**What is being asked**
Would you write out every record that follows exactly, with the pictures left out?

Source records
******************************

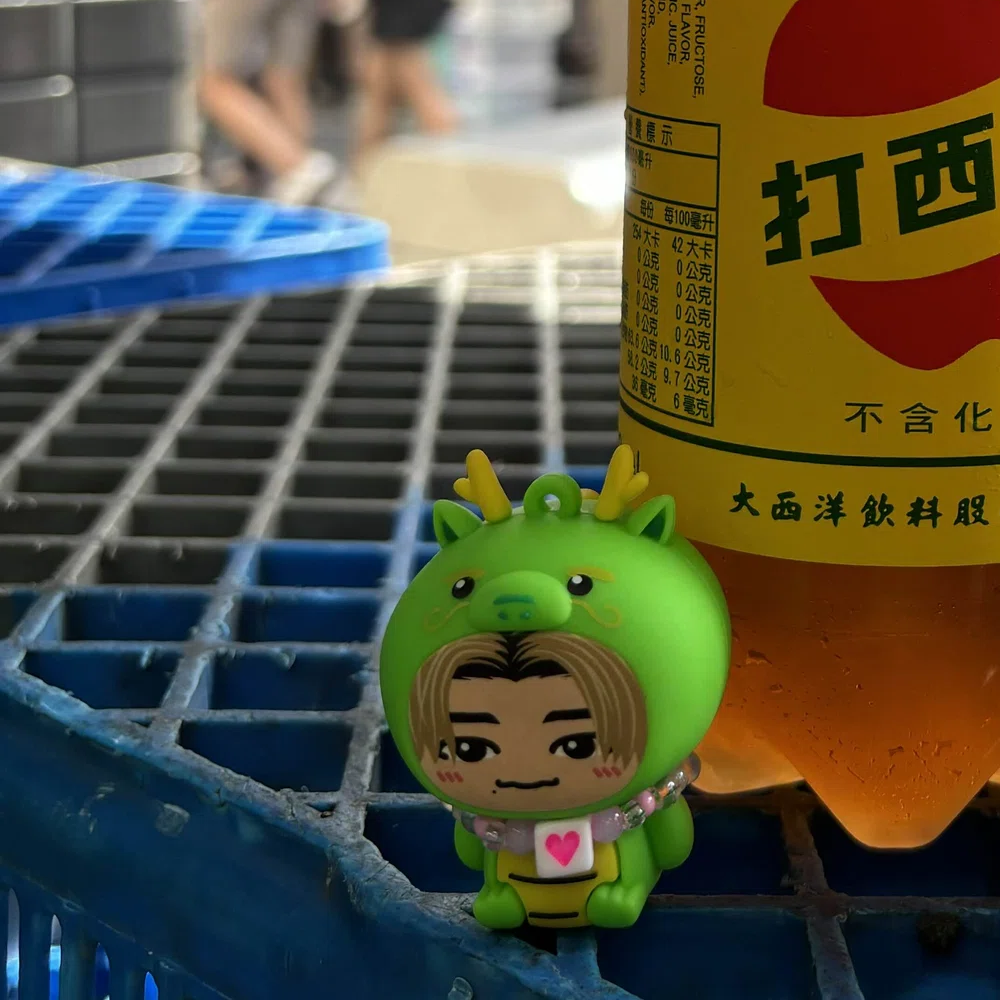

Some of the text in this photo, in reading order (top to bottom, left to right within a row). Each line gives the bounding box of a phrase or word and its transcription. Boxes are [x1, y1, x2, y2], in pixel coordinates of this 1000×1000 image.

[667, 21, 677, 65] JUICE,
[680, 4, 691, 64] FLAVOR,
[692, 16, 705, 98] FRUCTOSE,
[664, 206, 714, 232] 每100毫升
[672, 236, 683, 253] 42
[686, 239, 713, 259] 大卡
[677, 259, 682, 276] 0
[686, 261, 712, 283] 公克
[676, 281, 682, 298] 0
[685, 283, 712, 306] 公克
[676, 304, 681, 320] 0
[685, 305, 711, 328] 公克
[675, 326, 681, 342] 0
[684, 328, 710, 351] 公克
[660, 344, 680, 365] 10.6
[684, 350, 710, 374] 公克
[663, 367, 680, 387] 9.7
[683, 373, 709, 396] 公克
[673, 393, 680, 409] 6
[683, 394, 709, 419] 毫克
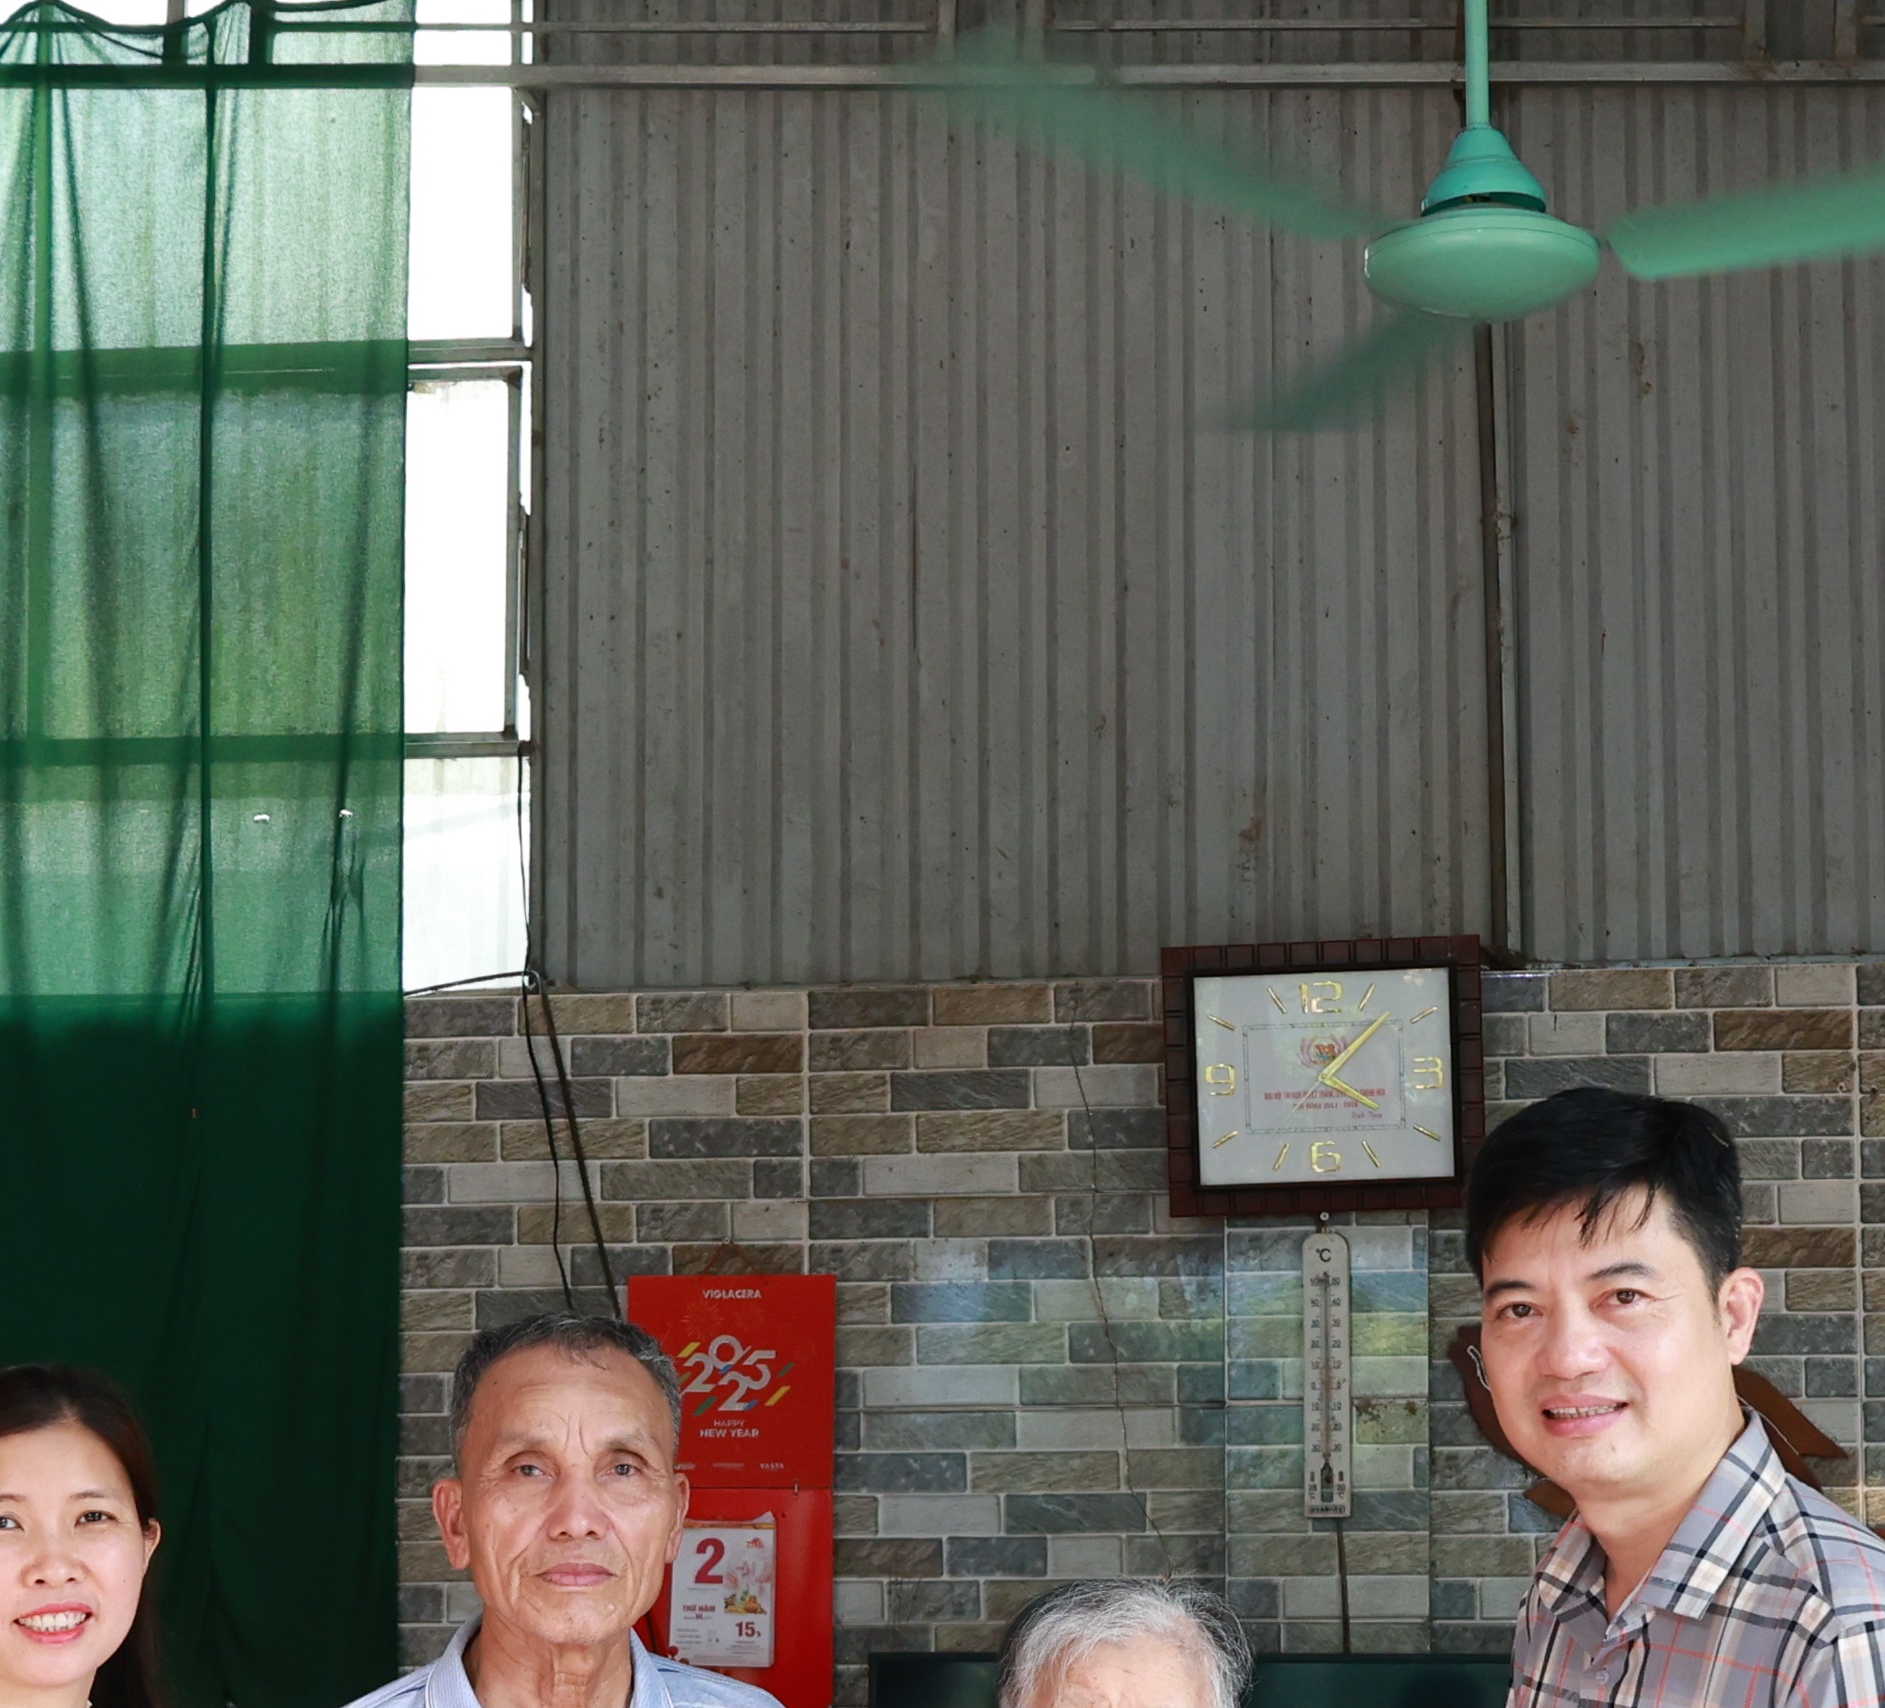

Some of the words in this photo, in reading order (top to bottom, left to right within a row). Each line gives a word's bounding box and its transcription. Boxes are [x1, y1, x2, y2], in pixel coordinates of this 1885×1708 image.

******************************

**Problem solution**
Some of the text in this photo, in reading order (top to bottom, left to right within a row). Each line gives the bounding box of a phrase or word and its transcription. Boxes are [x1, y1, x2, y2], in pixel coordinates of this 1000×1000 image.

[667, 21, 677, 65] JUICE,
[680, 4, 691, 64] FLAVOR,
[692, 16, 705, 98] FRUCTOSE,
[664, 206, 714, 232] 每100毫升
[672, 236, 683, 253] 42
[686, 239, 713, 259] 大卡
[677, 259, 682, 276] 0
[686, 261, 712, 283] 公克
[676, 281, 682, 298] 0
[685, 283, 712, 306] 公克
[676, 304, 681, 320] 0
[685, 305, 711, 328] 公克
[675, 326, 681, 342] 0
[684, 328, 710, 351] 公克
[660, 344, 680, 365] 10.6
[684, 350, 710, 374] 公克
[663, 367, 680, 387] 9.7
[683, 373, 709, 396] 公克
[673, 393, 680, 409] 6
[683, 394, 709, 419] 毫克

Some of the words in this photo, in reading order (top to bottom, left to right within a row). Each line gives a word's bounding box and its transcription. Boxes are [x1, y1, x2, y2], in pixel coordinates of this 1885×1708 image.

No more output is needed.